[Opening SUPPLIED ENTRIES section]
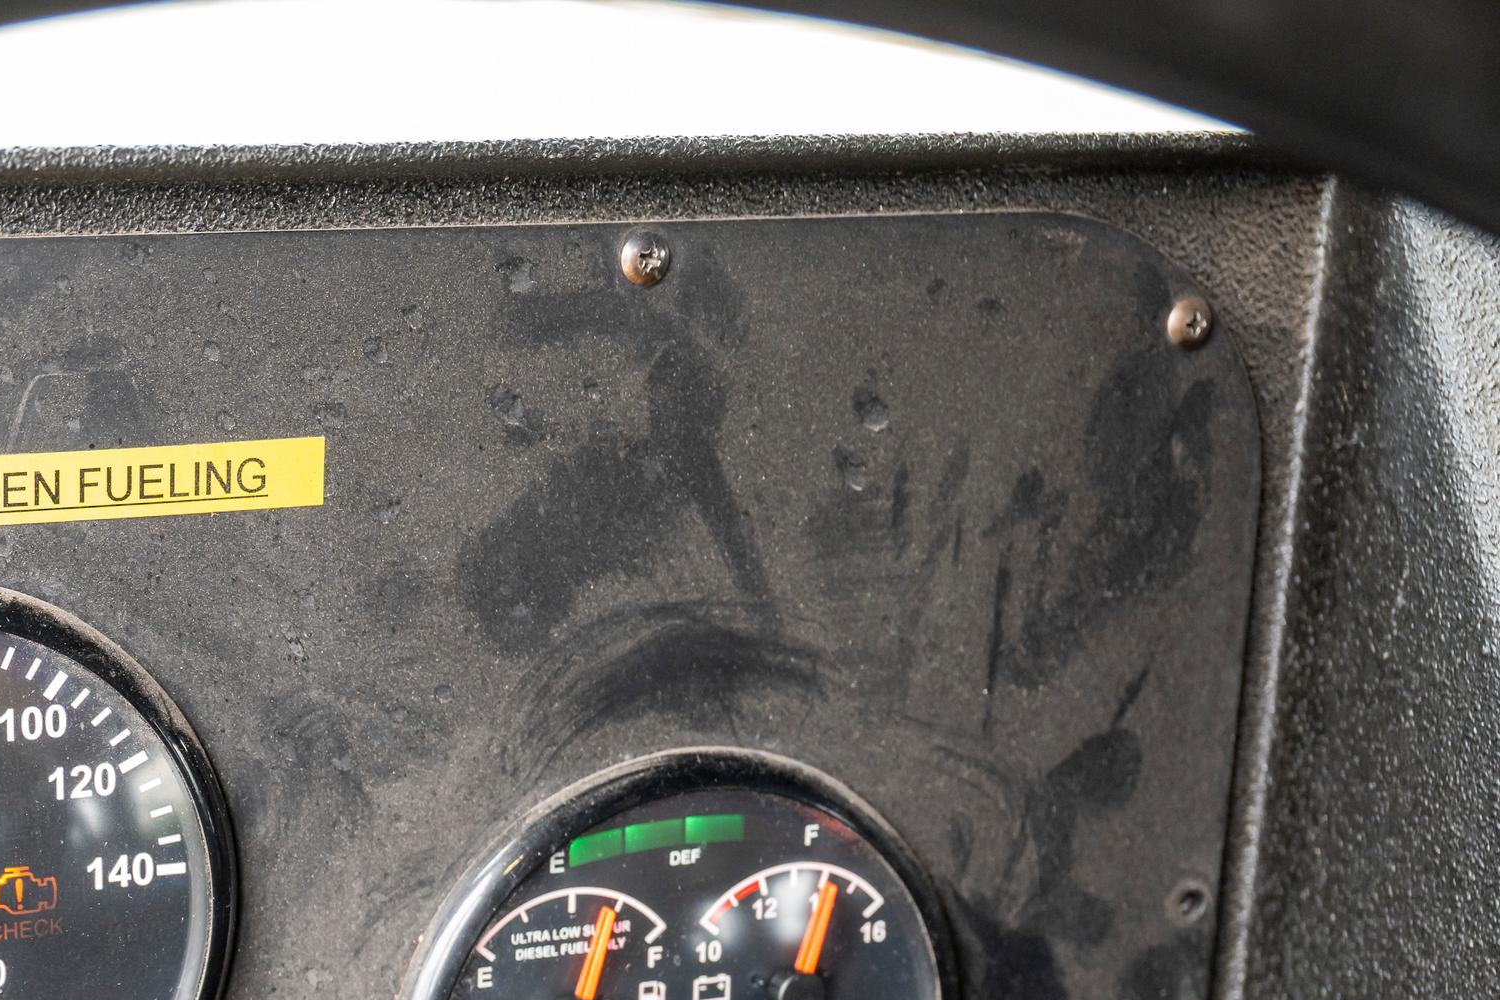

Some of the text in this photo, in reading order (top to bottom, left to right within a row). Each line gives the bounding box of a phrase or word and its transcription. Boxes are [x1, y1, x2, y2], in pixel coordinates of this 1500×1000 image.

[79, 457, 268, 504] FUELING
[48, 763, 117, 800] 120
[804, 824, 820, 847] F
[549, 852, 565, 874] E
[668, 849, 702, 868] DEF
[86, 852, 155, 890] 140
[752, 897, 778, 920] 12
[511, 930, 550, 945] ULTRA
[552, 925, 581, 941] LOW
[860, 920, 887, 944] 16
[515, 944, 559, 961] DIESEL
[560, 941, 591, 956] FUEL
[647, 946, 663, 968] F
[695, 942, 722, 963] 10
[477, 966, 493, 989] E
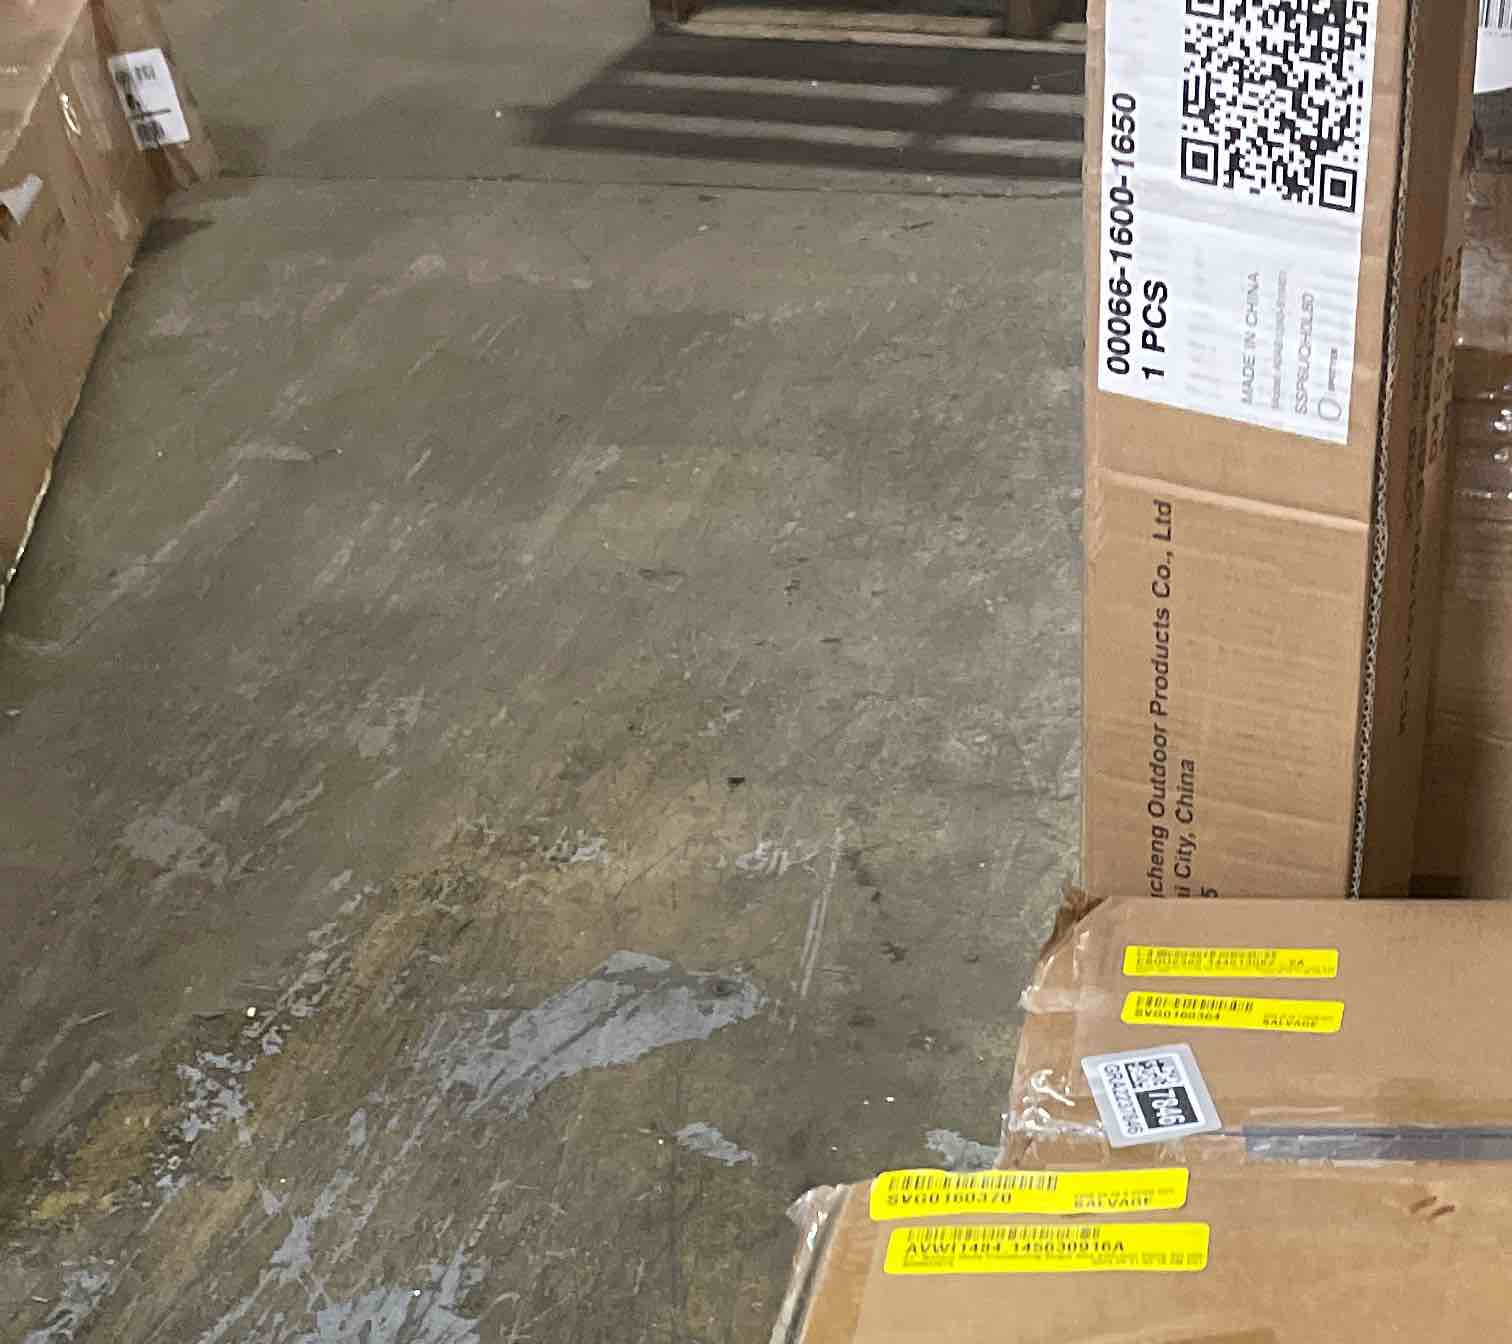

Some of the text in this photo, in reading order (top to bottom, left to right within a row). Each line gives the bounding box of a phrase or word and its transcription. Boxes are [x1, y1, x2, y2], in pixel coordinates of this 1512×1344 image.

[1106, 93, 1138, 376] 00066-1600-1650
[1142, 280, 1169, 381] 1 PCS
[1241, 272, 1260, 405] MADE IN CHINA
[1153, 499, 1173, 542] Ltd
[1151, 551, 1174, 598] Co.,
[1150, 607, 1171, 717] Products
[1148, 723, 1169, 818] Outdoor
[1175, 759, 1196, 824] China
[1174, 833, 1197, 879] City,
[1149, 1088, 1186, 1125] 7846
[Closing SUPPLIED ENTRIES section]
» WHAT IS EXPECTED: Repeat the data word for word. Skip the pictures.

» WRITTEN RESPONSE:
Some of the text in this photo, in reading order (top to bottom, left to right within a row). Each line gives the bounding box of a phrase or word and its transcription. Boxes are [x1, y1, x2, y2], in pixel coordinates of this 1500×1000 image.

[79, 457, 268, 504] FUELING
[48, 763, 117, 800] 120
[804, 824, 820, 847] F
[549, 852, 565, 874] E
[668, 849, 702, 868] DEF
[86, 852, 155, 890] 140
[752, 897, 778, 920] 12
[511, 930, 550, 945] ULTRA
[552, 925, 581, 941] LOW
[860, 920, 887, 944] 16
[515, 944, 559, 961] DIESEL
[560, 941, 591, 956] FUEL
[647, 946, 663, 968] F
[695, 942, 722, 963] 10
[477, 966, 493, 989] E

Some of the text in this photo, in reading order (top to bottom, left to right within a row). Each line gives the bounding box of a phrase or word and its transcription. Boxes are [x1, y1, x2, y2], in pixel coordinates of this 1512×1344 image.

[1106, 93, 1138, 376] 00066-1600-1650
[1142, 280, 1169, 381] 1 PCS
[1241, 272, 1260, 405] MADE IN CHINA
[1153, 499, 1173, 542] Ltd
[1151, 551, 1174, 598] Co.,
[1150, 607, 1171, 717] Products
[1148, 723, 1169, 818] Outdoor
[1175, 759, 1196, 824] China
[1174, 833, 1197, 879] City,
[1149, 1088, 1186, 1125] 7846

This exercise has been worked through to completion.